It was 2 PM on Sunday at the Marple Sports Center, the air was filled with slip jig tunes, and there were so many girls in their sparkling feis dresses you almost needed sunglasses indoors. But the most popular spot at the annual Four Provinces Feis, which drew 1,000 competitors from the east coast, wasn’t around the dance arenas. It was a table where kids could write a get-well card for Jane.
“Except for the really little ones,” said Marg King, who was overseeing the card-signing, all the dancers knew about 7-year-old Jane Richard, the little Irish dancer from Milton, MA, who lost a leg in the April 15 Boston Marathon bombing. Jane’s brother, Martin, 8, was killed in the blast as they stood at the finish line with their parents and another brother, who was uninjured. Their mother, Denise, was also hurt.
On Sunday, the dancers and their parents were buying so many of the Philadelphia Loves Boston t-shirts, hastily made up for the occasion, that there were no more small and medium sizes to be had. “They’re gone, sold out,” said King, obviously happy.
They were snapped up by people like Colleen Crossed of West Chester, whose two daughters, Tessa and Caroline, were competing. “I ran the Boston Marathon three times and remember it well,” Crossed said. “My kids were there at the finish line, just like those kids. It’s hard to imagine.” She shook her head. “But this is so nice,” she said, nodding toward the t-shirt table. “Really nice. You feel like you can do something.”
More than 100 individuals and organizations apparently feel the same way. They’ve signed on to support the “Philadelphia Loves Boston” campaign, founded by McDade Cara School of Irish Dance owner Sheila McGrory Sweeney, along with St. Patrick’s Day Parade Director Michael Bradley and International Brotherhood of Electrical Workers Local 98 business manager John Dougherty. The proceeds from the sale of the t-shirts will go to the Richard Family Fund, as will the entry fees from Sunday’s Charity Treble Reel Competition (which was won by McDade Cara dancers, wearing their Jane t-shirts).

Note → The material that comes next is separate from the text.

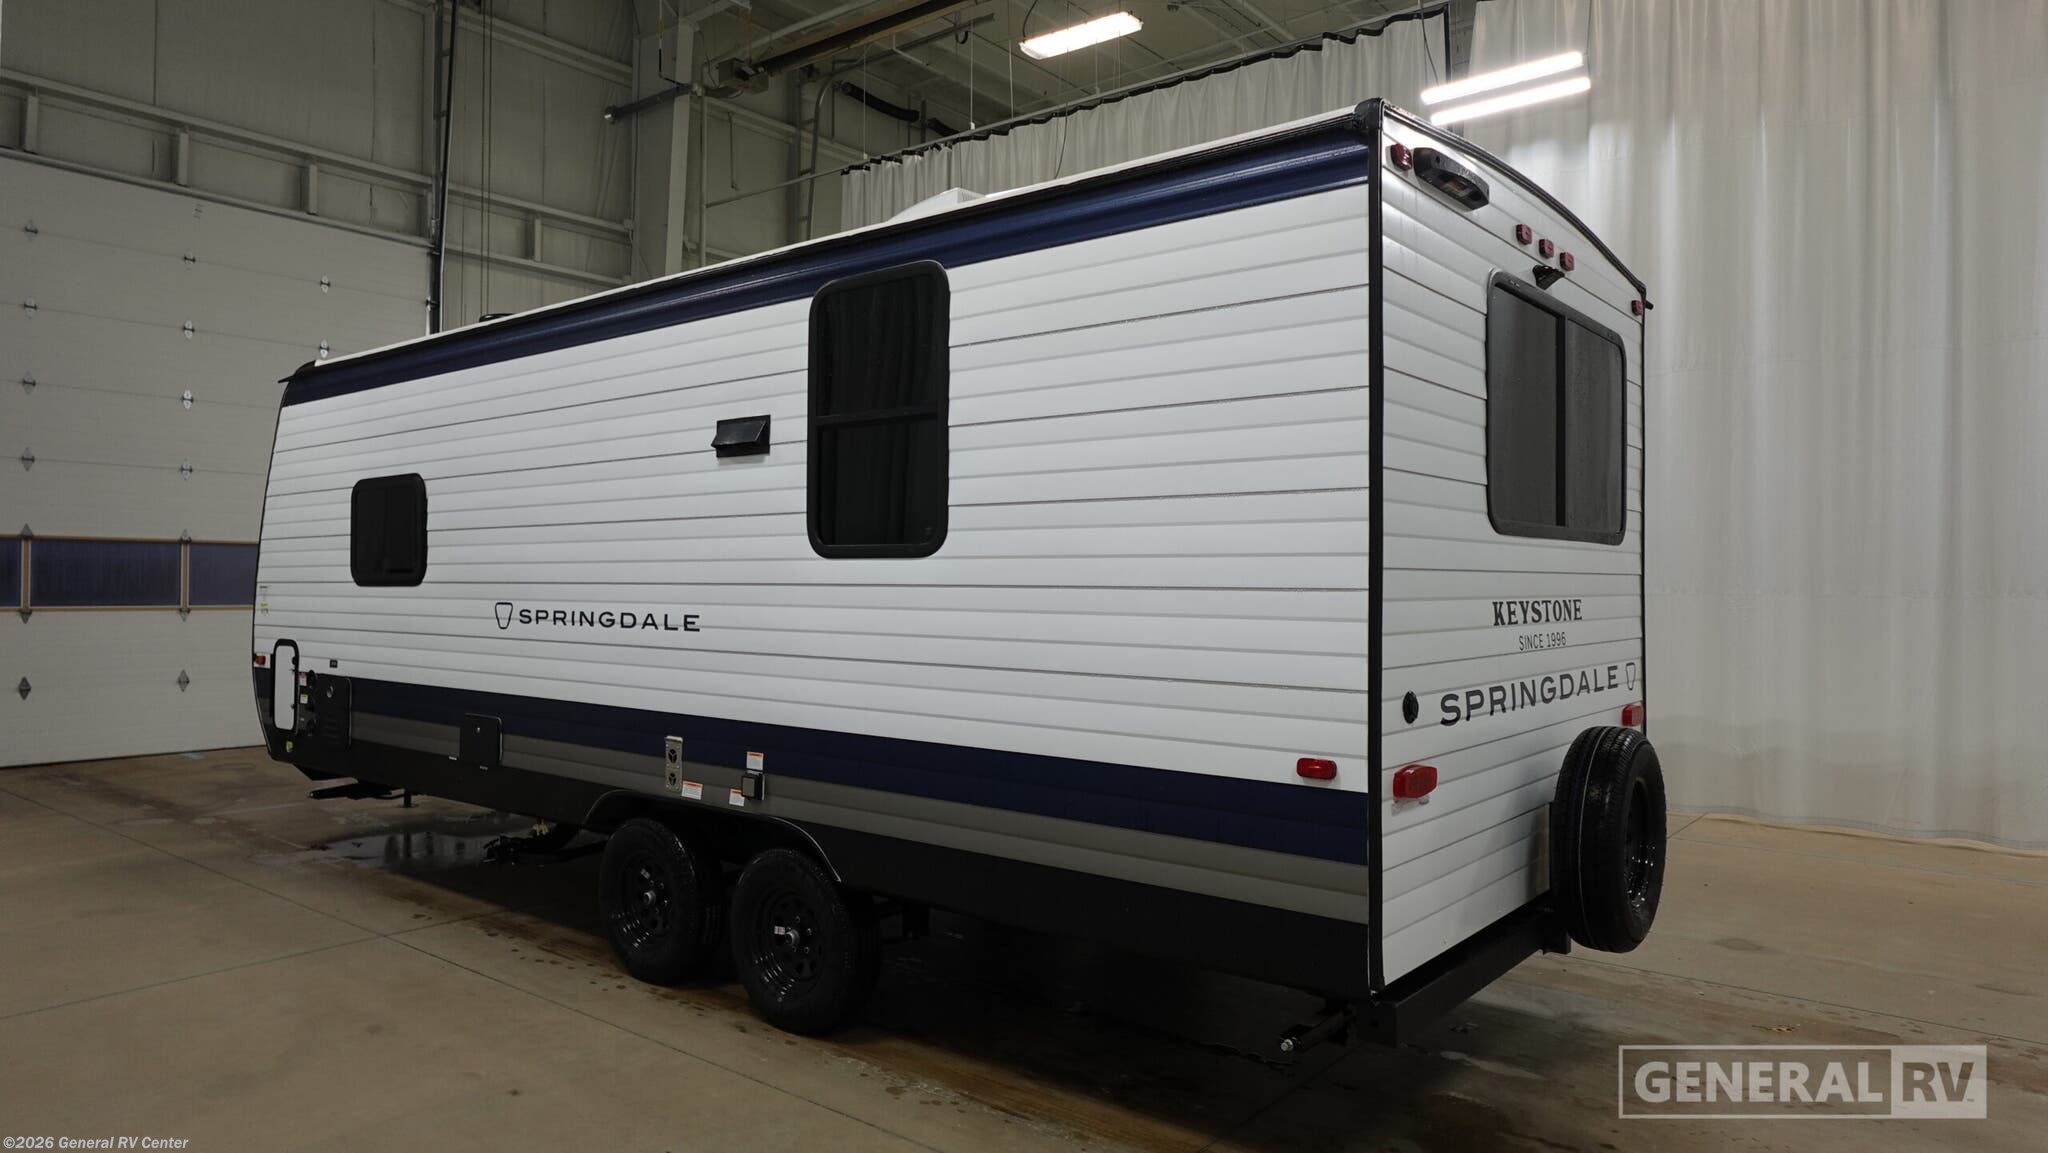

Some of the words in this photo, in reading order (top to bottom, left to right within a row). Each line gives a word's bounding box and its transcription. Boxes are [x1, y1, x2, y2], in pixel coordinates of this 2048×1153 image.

“I sent out an email last week to everyone on my list and within 24 hours we had more than 100 respond to say they wanted to support this,” said Bradley, who hustled the t-shirts into production within 24 hours too.
One of the first to respond “in about 3 seconds.” said Bradley, was Ken Casey, front man for Boston’s premier Celtic rock band, the Dropkick Murphy’s, and founder of The Claddagh Fund, which raises money for under-funded nonprofits in Boston and Philadelphia, where the DKMs have a huge fan base. The band has already raised more than $100,000 for the Richard Family Fund, to help defray their medical costs. “He got back to me and said, we’’ll do whatever you need,” said Bradley.
While the t-shirts aren’t available by mail, you can pick yours up on June 2 at the Irish Festival at Penn’s Landing, where dancers from all the Irish dancing schools will be there to perform en masse as a tribute to Jane. You can also donate to the Richard Family Fund. Checks made out to the Richard Family Fund can be sent to PO Box 477, Paoli, PA 19301.